Welcome back to Baby Breakerdom! This week's quest to uncover budding Rule Breakers finds cash in digital closets and hungry venture funds.
First up this week is Gear6, which claims to address what it calls the server-storage performance gap. The idea, it seems, is that as disk drives for storing data reach higher capacities, it becomes harder to retrieve information quickly. The thesis makes sense to me. No matter how fast a server operates, it's disk drives that determine data access speed. A large enough "gap" between the disk and the processor could create lots of digital idling, which, in turn, would create heat. And that's, um, bad.
Enter venture investors. InterWest Partners and U.S. Venture Partners together this week invested $10 million in a series C round of financing. Gear6 says the funds will be used to help it market its products to data centers, which traditionally suffer from heat and other performance problems that arise from increasing the size and complexity of the networks they manage.
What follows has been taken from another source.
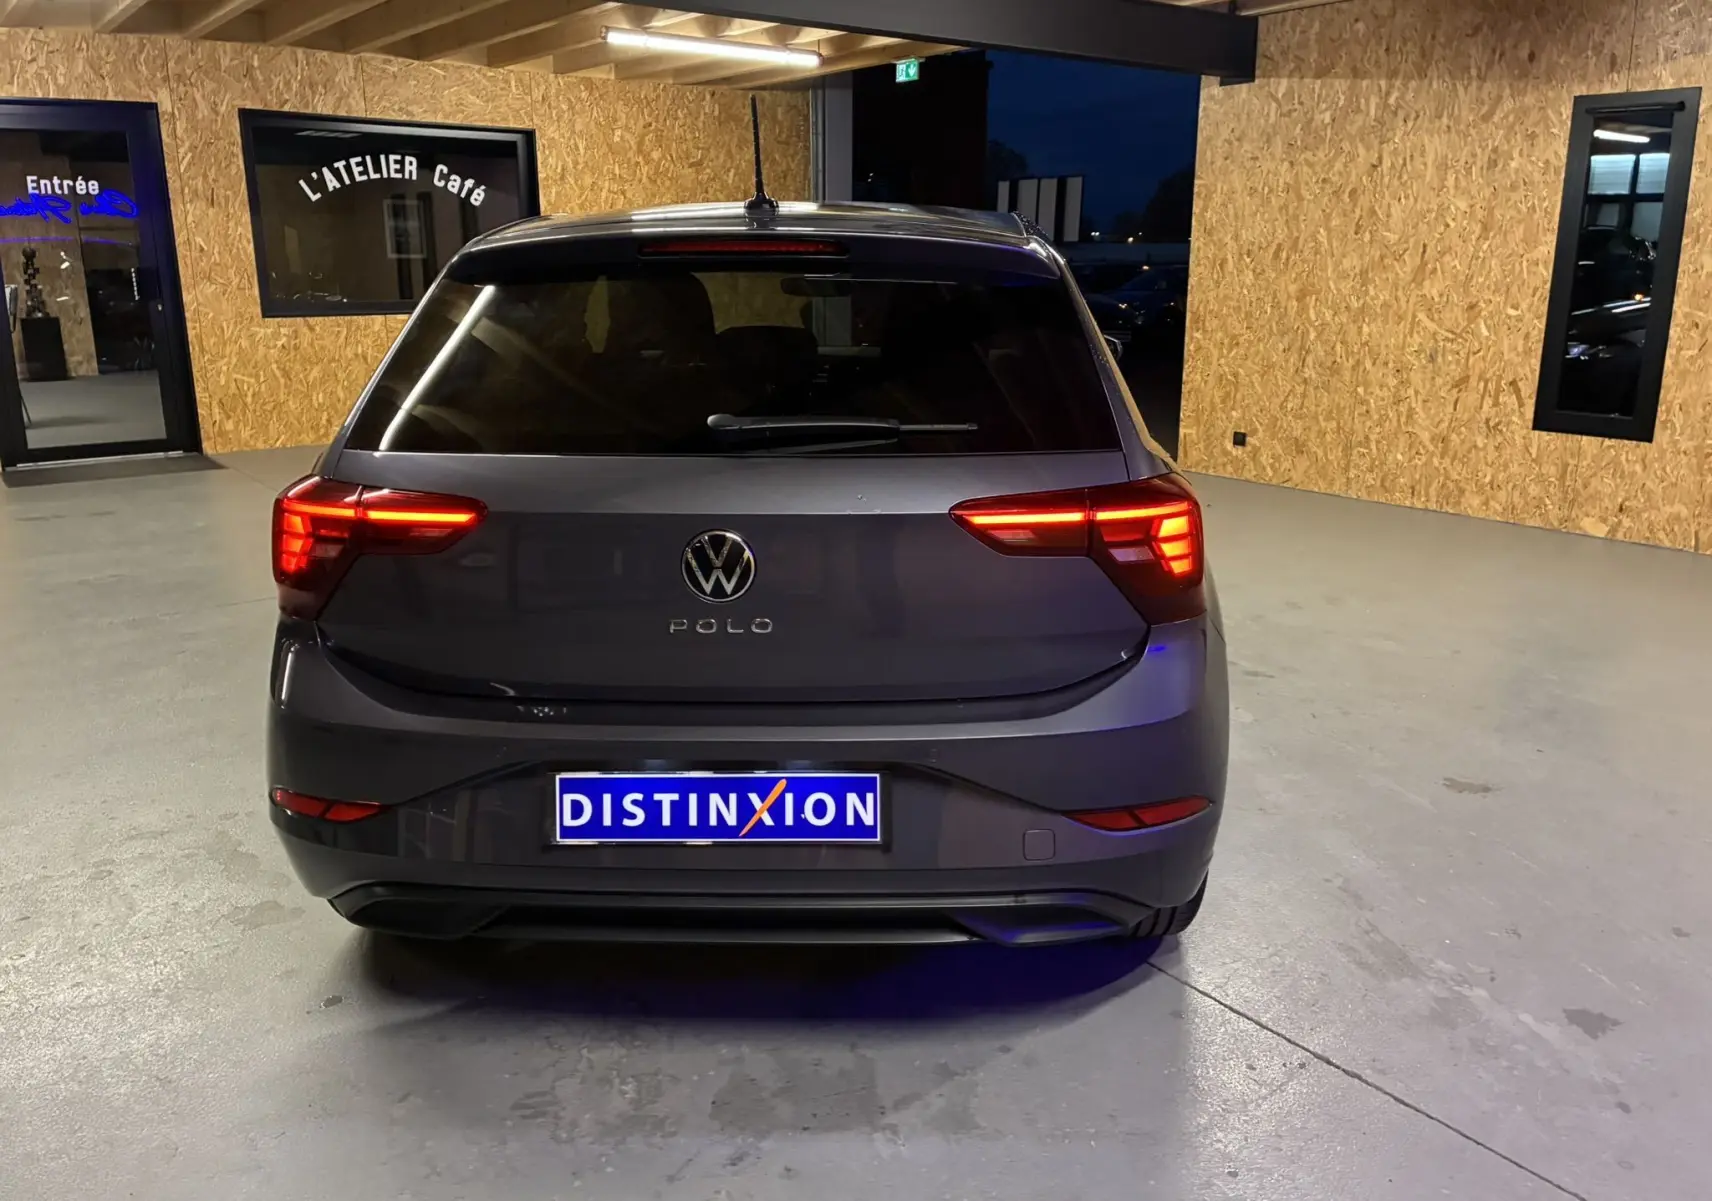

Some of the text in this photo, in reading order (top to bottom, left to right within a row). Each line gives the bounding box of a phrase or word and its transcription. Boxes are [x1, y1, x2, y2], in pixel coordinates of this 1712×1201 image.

Next up is New Enterprise Associates. With investments in nearly 400 public firms, including leaders such as Juniper Networks (Nasdaq: JNPR ) , you'd think NEA and others like it wouldn't need to be thinking creatively when it comes to future investments. You'd think. It turns out the reality is very different; VentureWire reports that NEA's newest fund is its largest, with $2.5 billion raised.
Typically, such nosebleed funds are the domain of buyout firms. Not anymore. NEA is one of several VC firms looking to larger deals to generate multibagger returns. For example, Oak Investment Partners recently closed a $2 billion fund, and the investing arms of Intel (Nasdaq: INTC ) and Motorola (NYSE: MOT ) last week combined to provide $900 million in financing to WiMax hopefulClearwire.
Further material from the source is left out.